Advisors

Advisors

Thanks for your commitment to the development of Boston University’s student organizations and to our campus community. Student Activities is committed to shaping and supporting your future as an advisor, as well as those of our students.

This section contains the core policies that each student organization is expected to follow when planning events and working with our office. We hope you’ll find this information helpful and informative in your role as a student organization advisor. If you would like any further assistance or have questions, please reach out to us.

Role & Purpose

At Boston University, each student organization is required to have an advisor who is a faculty or staff member. Each advisor’s role may differ based on the needs of their student group, including group expectations, organizational needs, and personal interests. Student Activities is here to help you understand your role and work together to provide the best experience for our student leaders.

Our goal is to support you as an advisor and be a resource for you throughout the school year. We’ve outlined some of the more important details and policies we feel will help you in your role in advising our student groups.

As an advisor there are a few recommendations we have to help you establish expectations and guidelines with our student groups. Most importantly, we want you to feel comfortable coming to us if you have any questions or need some clarification on a policy or procedure we require for our groups.
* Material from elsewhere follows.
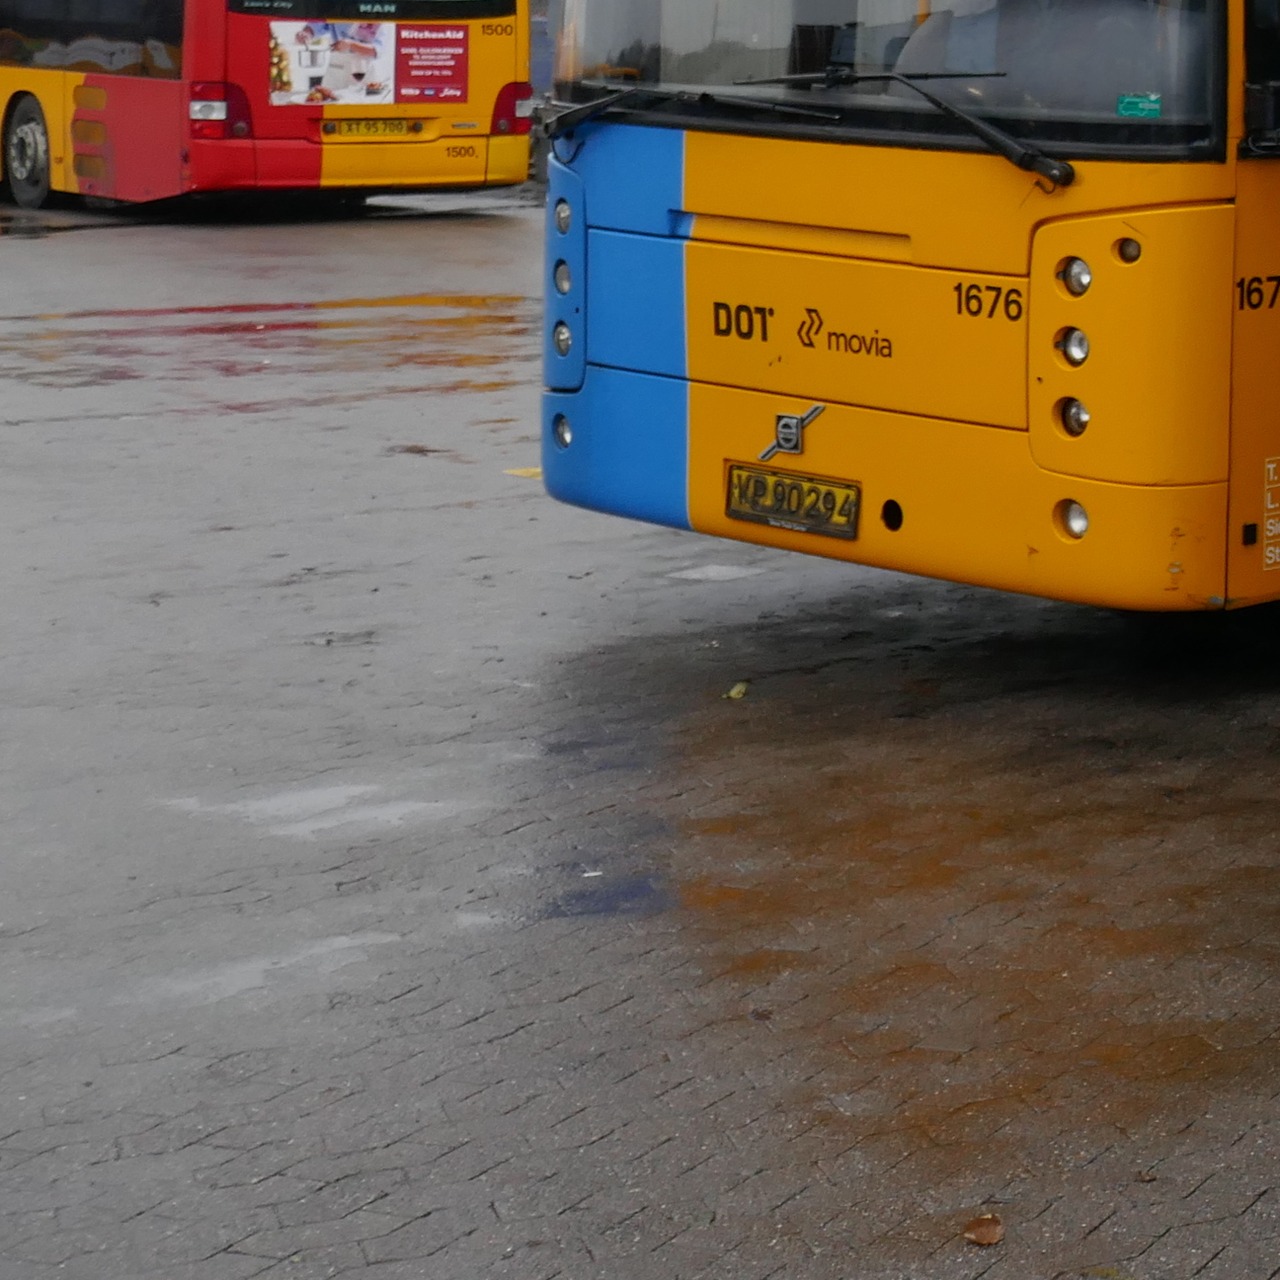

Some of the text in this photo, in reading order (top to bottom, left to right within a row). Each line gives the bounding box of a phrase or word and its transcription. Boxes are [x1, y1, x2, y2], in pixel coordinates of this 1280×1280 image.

Whether you are new to advising a club or have been advising the same organization for years, it’s a good idea to sit with your group’s new executive board in the fall (or when they transition leadership) to talk about expectations. It’s good to talk about the expectations you have for the executive board for example, maintaining an open line of communication and respecting appropriate timelines. Often times we see students only checking in with their advisor when they need a last minute signature. We want students to understand you are another resource for them just as much as Student Activities and they should respect the fact that you are busy and have other responsibilities aside from advising the group. You should also ask what the students expectations are for you as their advisor. You might learn that they want you to attend e-board meetings or attend on average one event per semester. All of our groups are different and have different needs, try to be open to what they are asking and compromise if you think their expectations are unrealistic.